#### [DATASET ENTRIES]
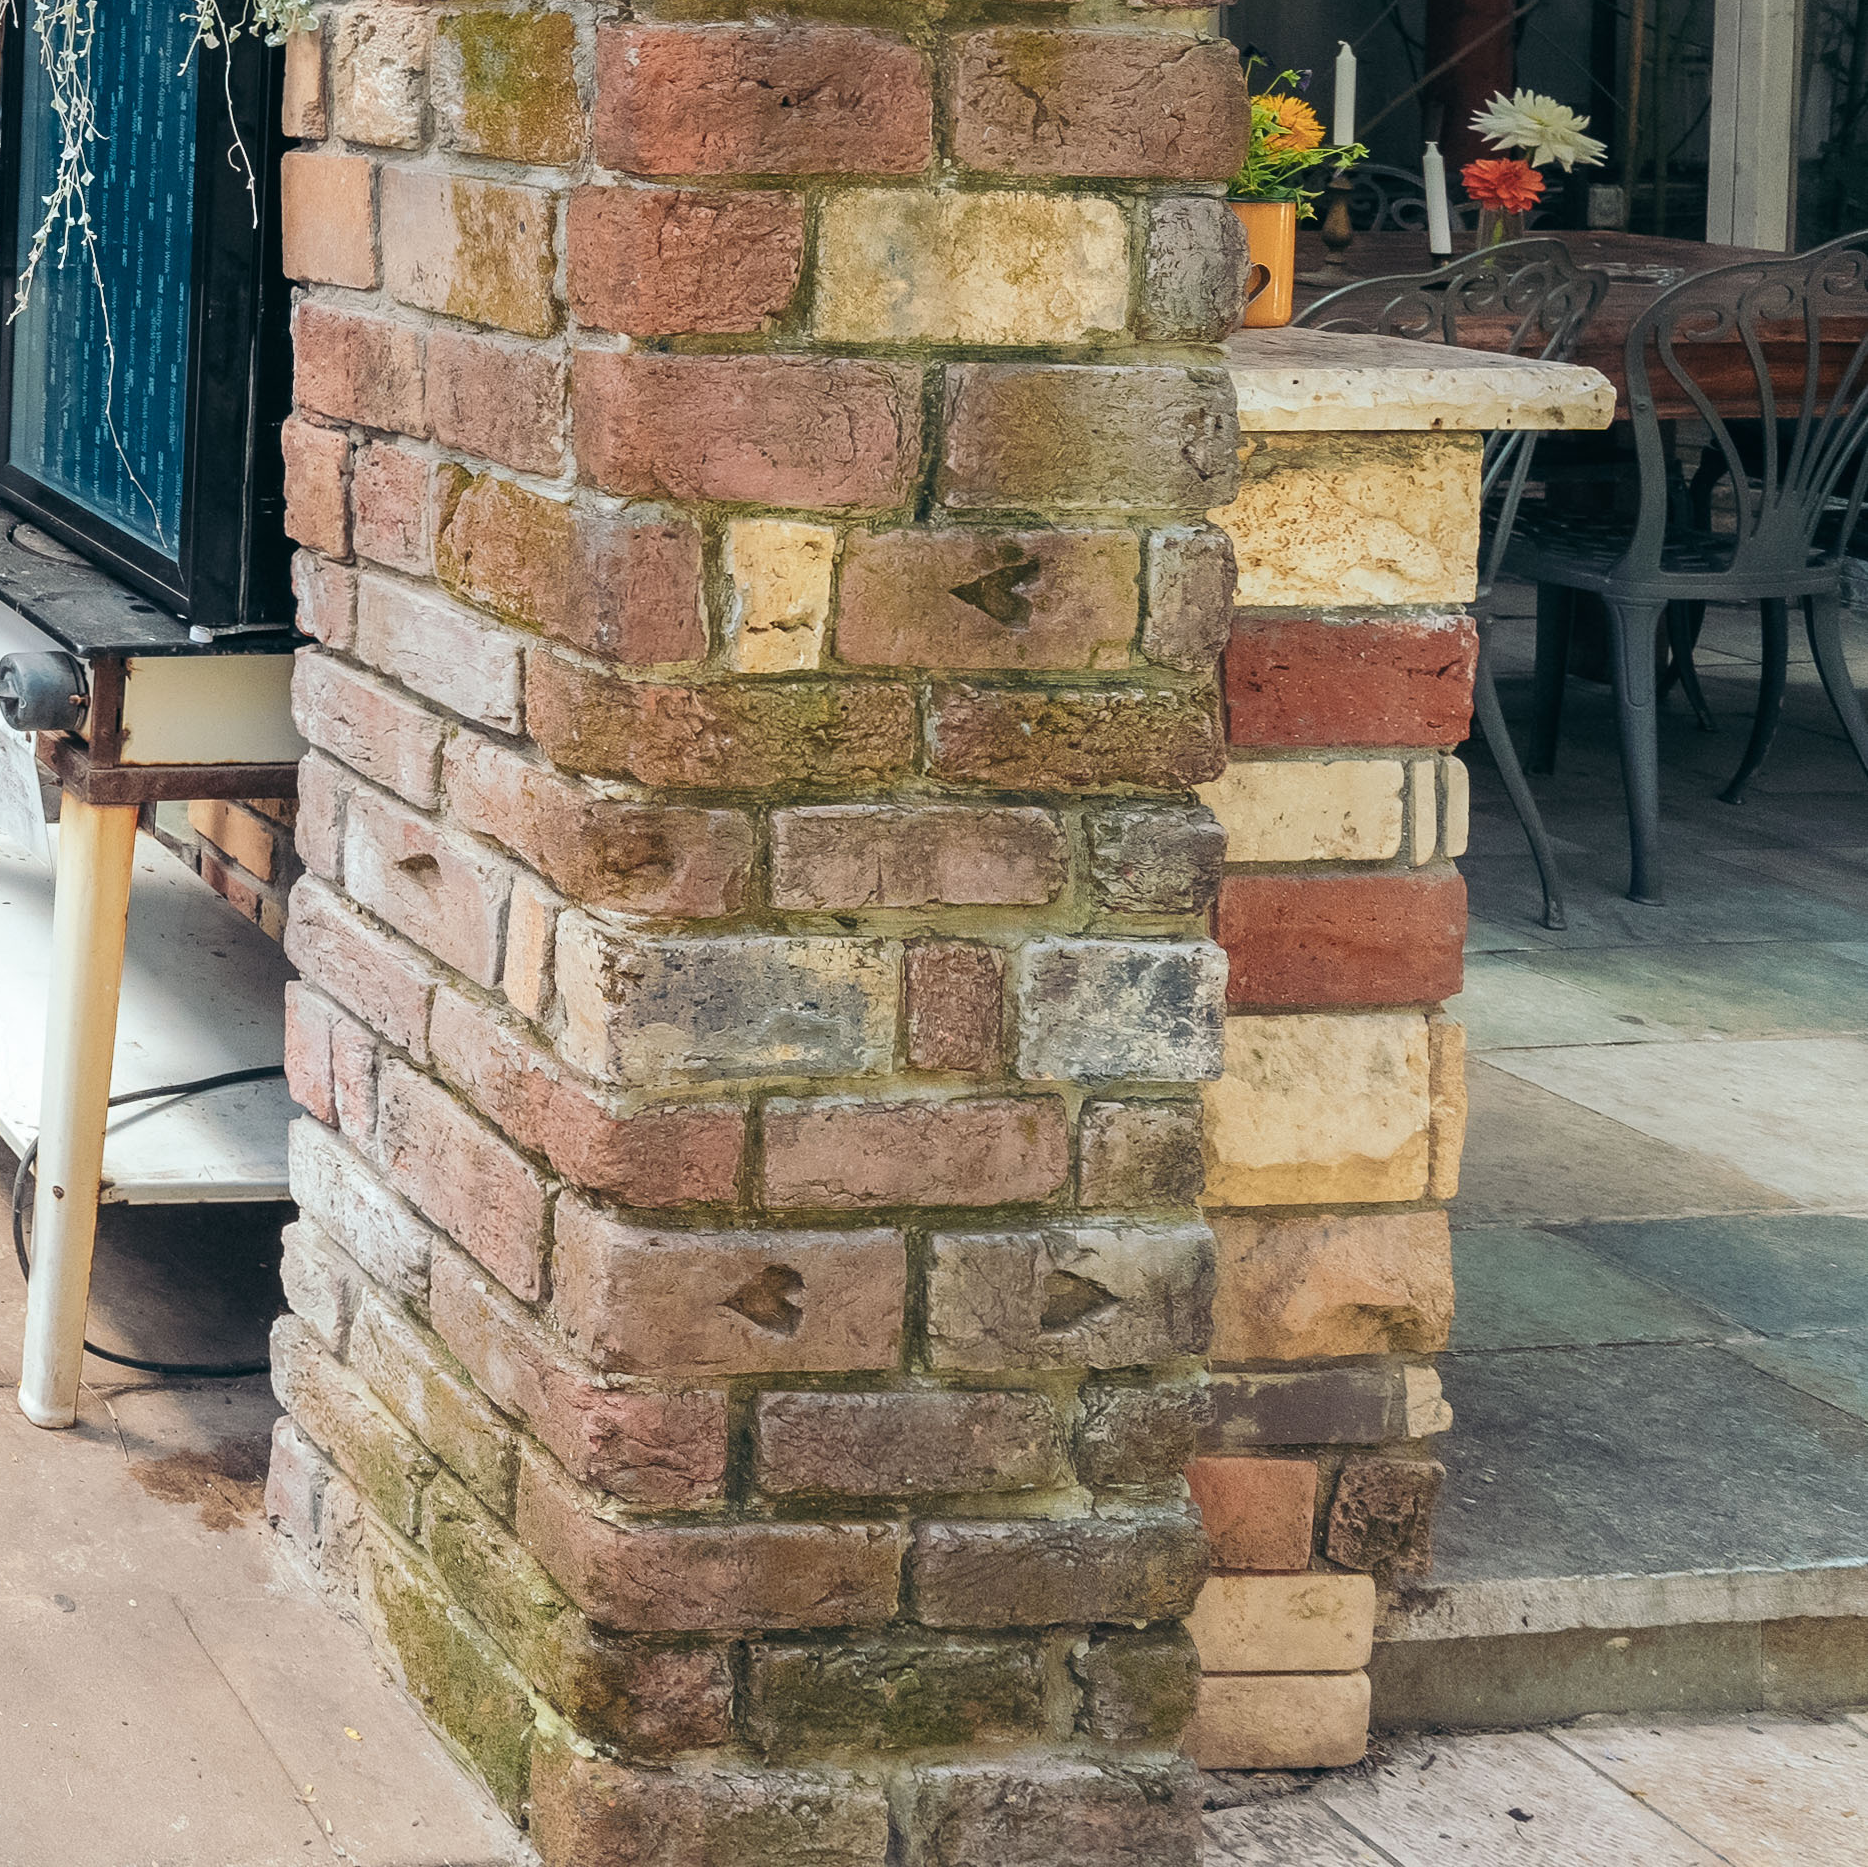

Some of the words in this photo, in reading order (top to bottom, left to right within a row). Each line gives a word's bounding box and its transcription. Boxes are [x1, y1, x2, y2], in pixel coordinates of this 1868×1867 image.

[118, 25, 126, 82] Safety-Walk
[145, 35, 152, 54] 3M
[165, 27, 173, 85] Safety-Walk
[118, 85, 124, 103] 3M
[157, 60, 165, 118] Safety-Walk
[179, 91, 187, 111] 3M
[137, 116, 144, 135] 3M
[156, 121, 163, 140] 3M
[130, 110, 138, 166] Safety-Walk
[178, 114, 186, 172] Safety-Walk
[189, 141, 196, 163] 3M
[130, 169, 136, 188] 3M
[149, 141, 157, 198] Safety-Walk
[148, 201, 155, 221] 3M
[166, 193, 173, 213] 3M
[122, 189, 130, 245] Safety-Walk
[164, 215, 172, 273] Safety-Walk
[121, 248, 128, 268] 3M
[136, 229, 144, 287] Safety-Walk
[157, 274, 164, 294] 3M
[135, 289, 142, 309] 3M
[155, 296, 163, 353] Safety-Walk
[170, 363, 177, 384] 3M
[148, 376, 155, 396] 3M
[168, 386, 176, 444] Safety-Walk
[157, 451, 164, 471] 3M

#### [EXERCISE REQUIREMENTS]
Return the material word for word, images omitted.

#### [RESULT BELOW]
Some of the words in this photo, in reading order (top to bottom, left to right within a row). Each line gives a word's bounding box and its transcription. Boxes are [x1, y1, x2, y2], in pixel coordinates of this 1868×1867 image.

[118, 25, 126, 82] Safety-Walk
[145, 35, 152, 54] 3M
[165, 27, 173, 85] Safety-Walk
[118, 85, 124, 103] 3M
[157, 60, 165, 118] Safety-Walk
[179, 91, 187, 111] 3M
[137, 116, 144, 135] 3M
[156, 121, 163, 140] 3M
[130, 110, 138, 166] Safety-Walk
[178, 114, 186, 172] Safety-Walk
[189, 141, 196, 163] 3M
[130, 169, 136, 188] 3M
[149, 141, 157, 198] Safety-Walk
[148, 201, 155, 221] 3M
[166, 193, 173, 213] 3M
[122, 189, 130, 245] Safety-Walk
[164, 215, 172, 273] Safety-Walk
[121, 248, 128, 268] 3M
[136, 229, 144, 287] Safety-Walk
[157, 274, 164, 294] 3M
[135, 289, 142, 309] 3M
[155, 296, 163, 353] Safety-Walk
[170, 363, 177, 384] 3M
[148, 376, 155, 396] 3M
[168, 386, 176, 444] Safety-Walk
[157, 451, 164, 471] 3M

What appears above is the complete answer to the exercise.